Where should a book on "Eighteenth-Century Japanese Cast Lead Statuary" go?
Under Japan?  Art? Casting? Lead?  The 18th C.?  Different purposes
("points of view") emphasize different aspects of a document.  Even
Ranganathan's theory is not enough -- we need to recognize multiple
classifications of knowledge for different purposes.  I have argued
within Artificial Intelligence that a mere vector of facets is not enough
to capture the full hierarchy of possible descriptions. (Faceted semantic
networks or order-sorted relational structures are needed.)  Further,
there must be a formal theory by which different "ontologies" (taxonomies)
covering the same domain can be integrated and communicate.  These
ideas are involved in the current Knowledge Sharing Effort in A.I.  It
would be foolish for WWW to wed itself irrecoverably to outmoded "tree"
classifications like Dewey or L.C.

     Already, the UMLS Metathesaurus for medical information (at
Nat. Lib. of Medicine in US) has gone far beyond the monolithic tree
stage.  Information on competing systems of knowledge organization 
appears in publications of the International Society for Knowledge 
Organization, (ISKO), Woogstrasse 36a, D-60431 Frankfurt, Germany.
Information on the Knowledge Sharing Effort may be accessed by WWW
from a server at Stanford or by gopher at hpp.stanford.edu.

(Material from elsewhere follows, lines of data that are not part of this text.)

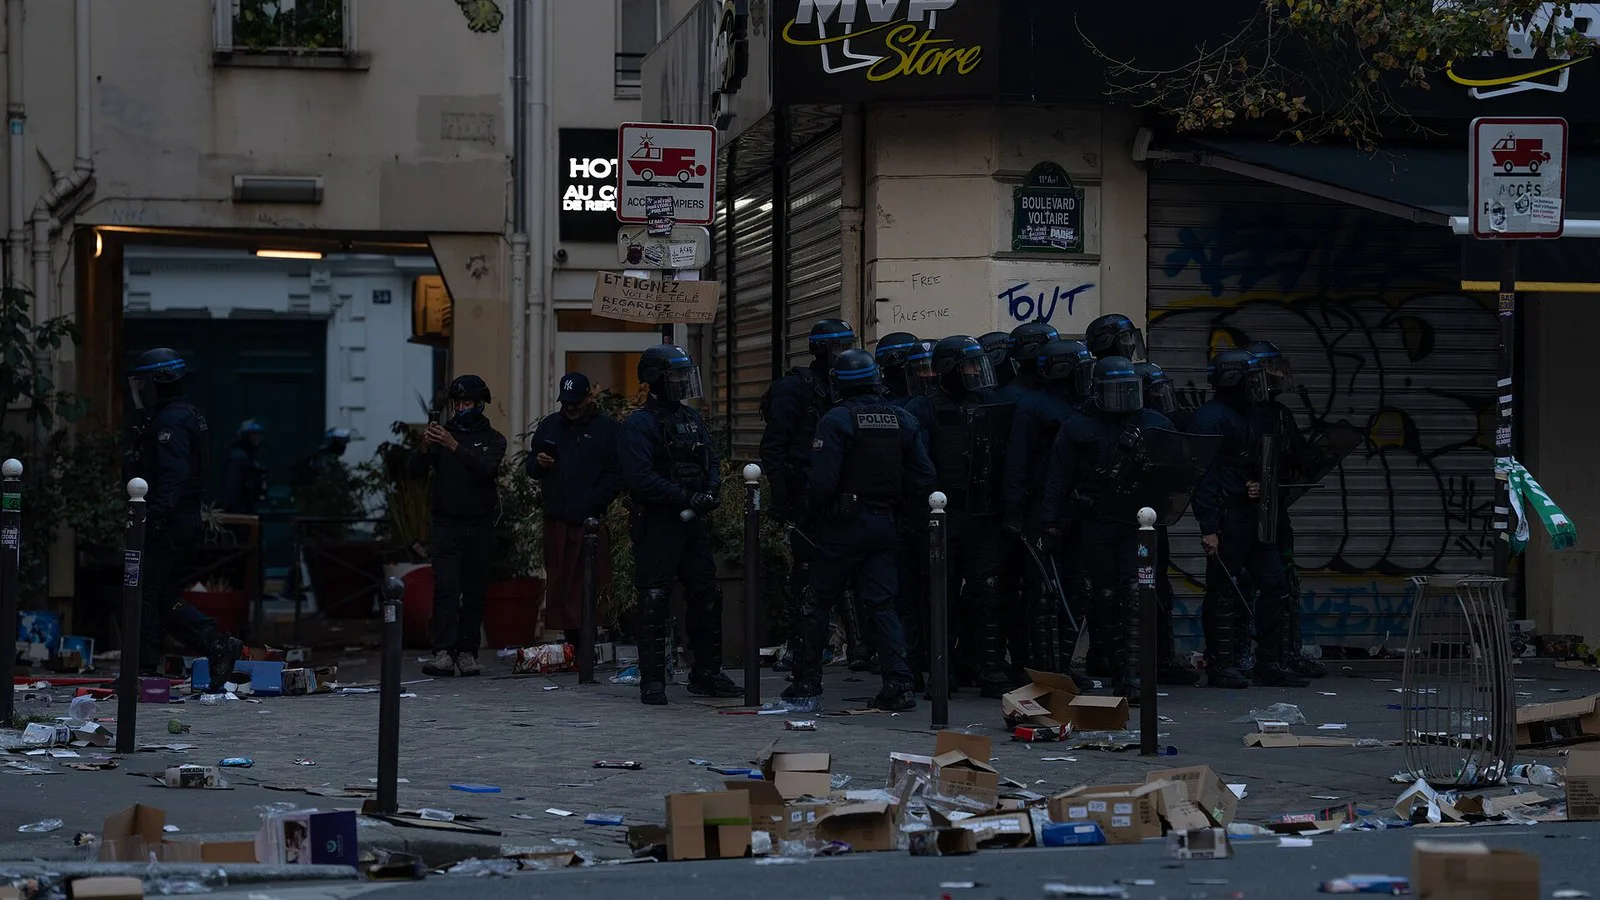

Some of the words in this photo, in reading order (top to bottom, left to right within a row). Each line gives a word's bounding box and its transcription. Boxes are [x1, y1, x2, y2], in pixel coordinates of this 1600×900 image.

[866, 23, 983, 82] Store
[562, 184, 594, 200] AU
[1022, 196, 1075, 210] BOULEVARD
[1028, 211, 1069, 225] VOLTAIRE
[911, 273, 941, 287] FREE
[602, 296, 672, 312] REGARDEZ
[998, 282, 1096, 324] TOUT
[892, 304, 950, 324] PALESTINE
[858, 414, 897, 424] POLICE

     There is a triadic relation among A. a particular document, object,
passage, description or proposition (the "extension"), B. a category
which conveys significant information, within a classification
scheme (the "intension"), and C. the purpose (or persons with
purposes) served by such a categorization.  New theories now being 
developed will take account of all three arguments of this relation.

                          Yours truly,   Fritz Lehmann
GRANDAI Software, 4282 Sandburg Way, Irvine, California 92715, U.S.A.